Every entry that follows must be written out exactly, apart from its pictures.

Data entries:
⁂

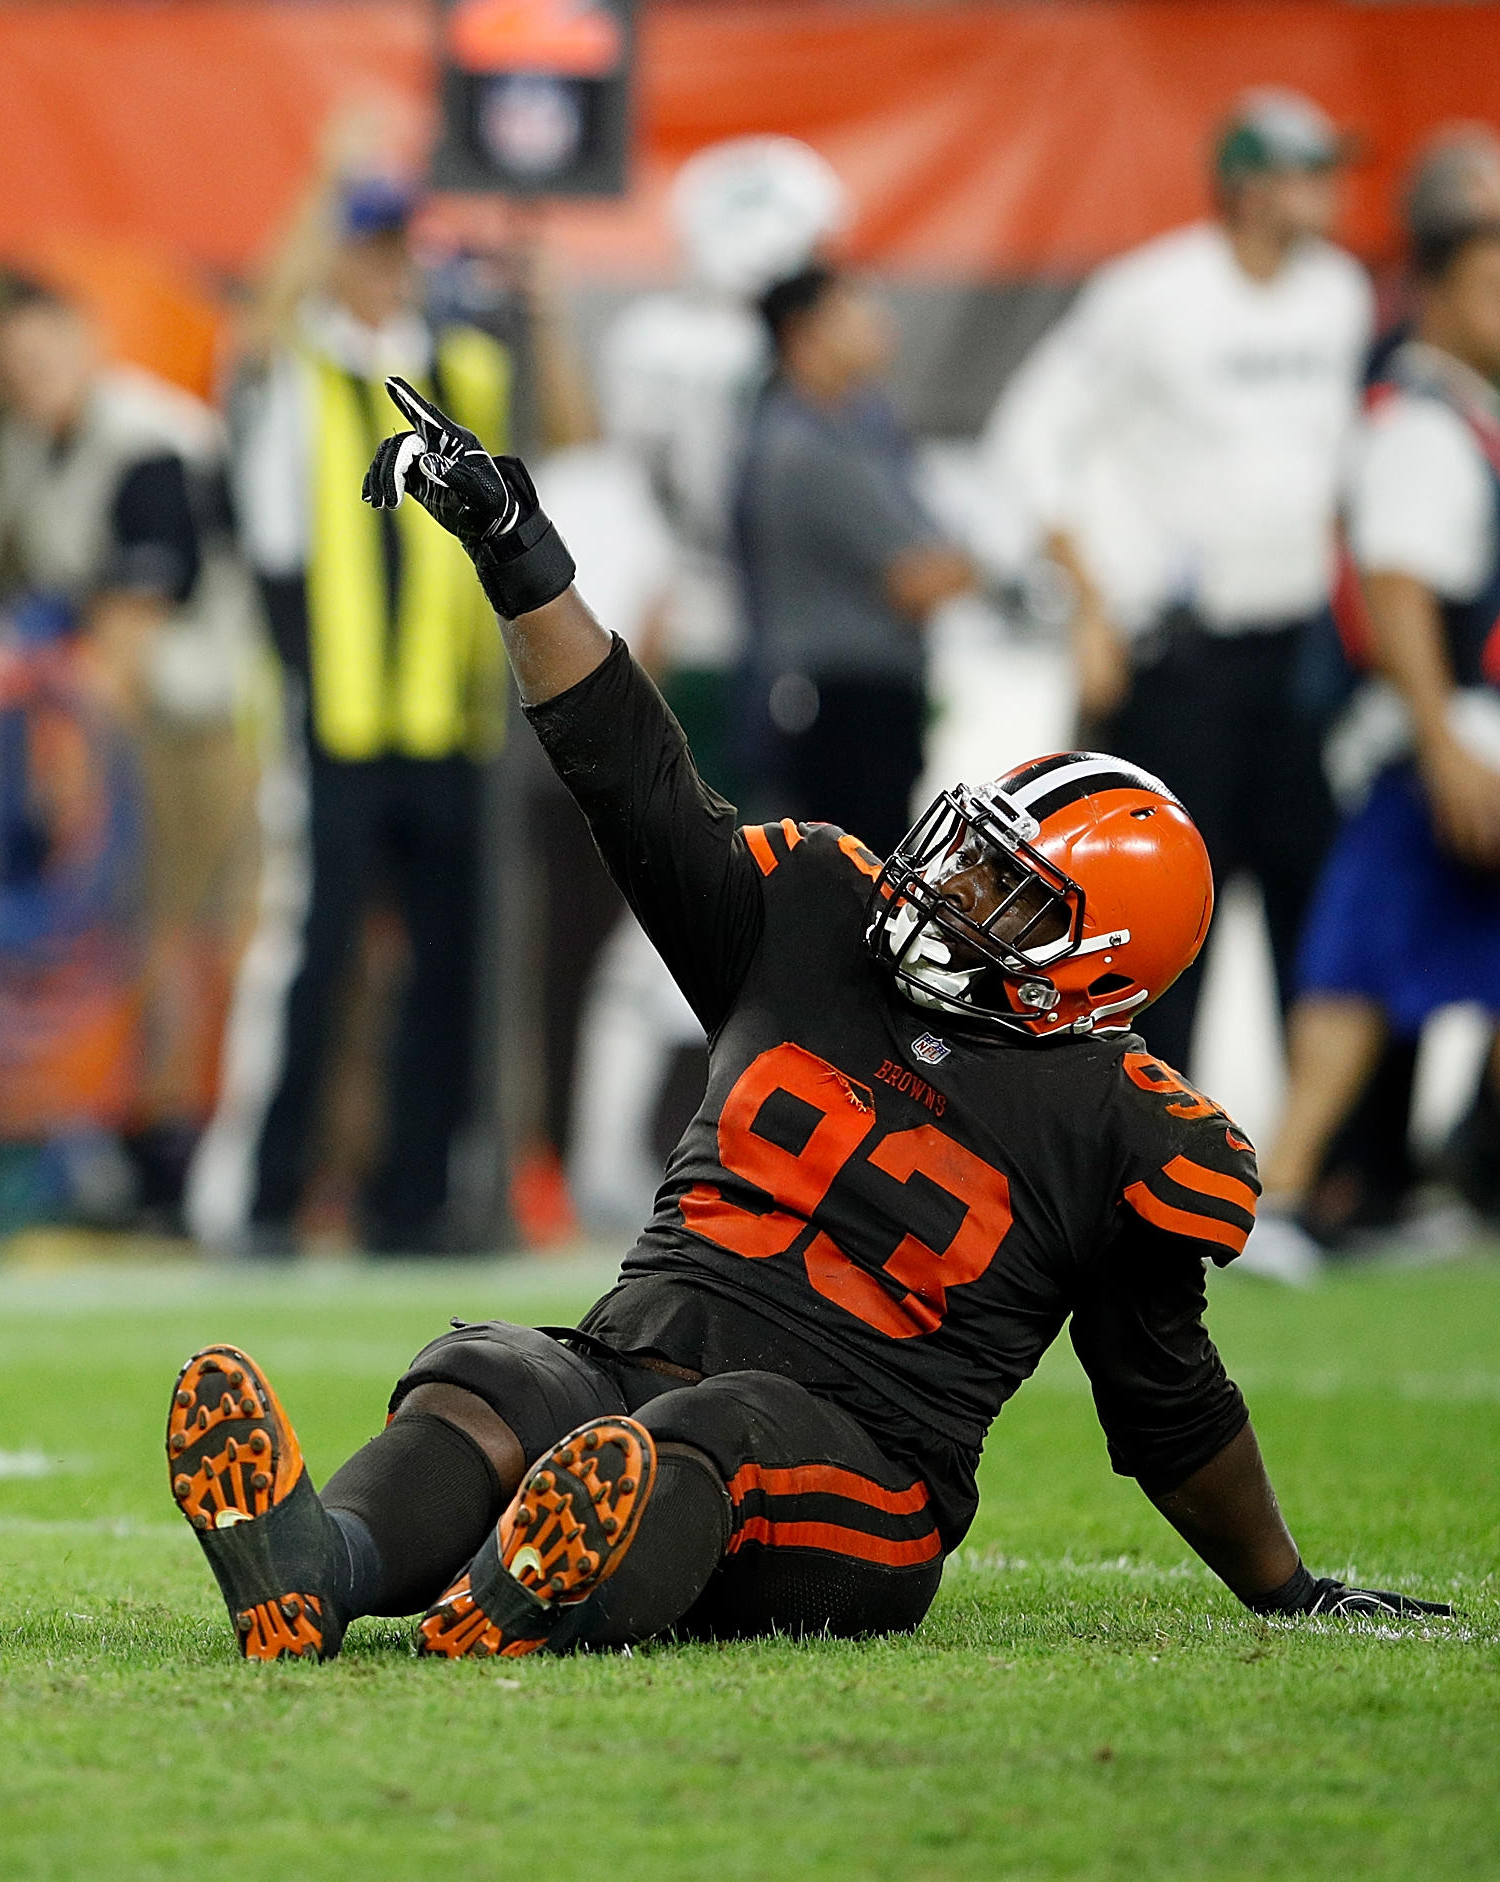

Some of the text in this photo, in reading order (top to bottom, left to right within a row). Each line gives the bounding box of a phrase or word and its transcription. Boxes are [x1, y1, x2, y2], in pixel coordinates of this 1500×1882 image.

[915, 1040, 938, 1060] NFL
[873, 1058, 949, 1118] BROWNS
[1122, 1052, 1238, 1127] 9
[678, 1041, 1014, 1339] 93

⁂

> YOUR SOLUTION
Some of the text in this photo, in reading order (top to bottom, left to right within a row). Each line gives the bounding box of a phrase or word and its transcription. Boxes are [x1, y1, x2, y2], in pixel coordinates of this 1500×1882 image.

[915, 1040, 938, 1060] NFL
[873, 1058, 949, 1118] BROWNS
[1122, 1052, 1238, 1127] 9
[678, 1041, 1014, 1339] 93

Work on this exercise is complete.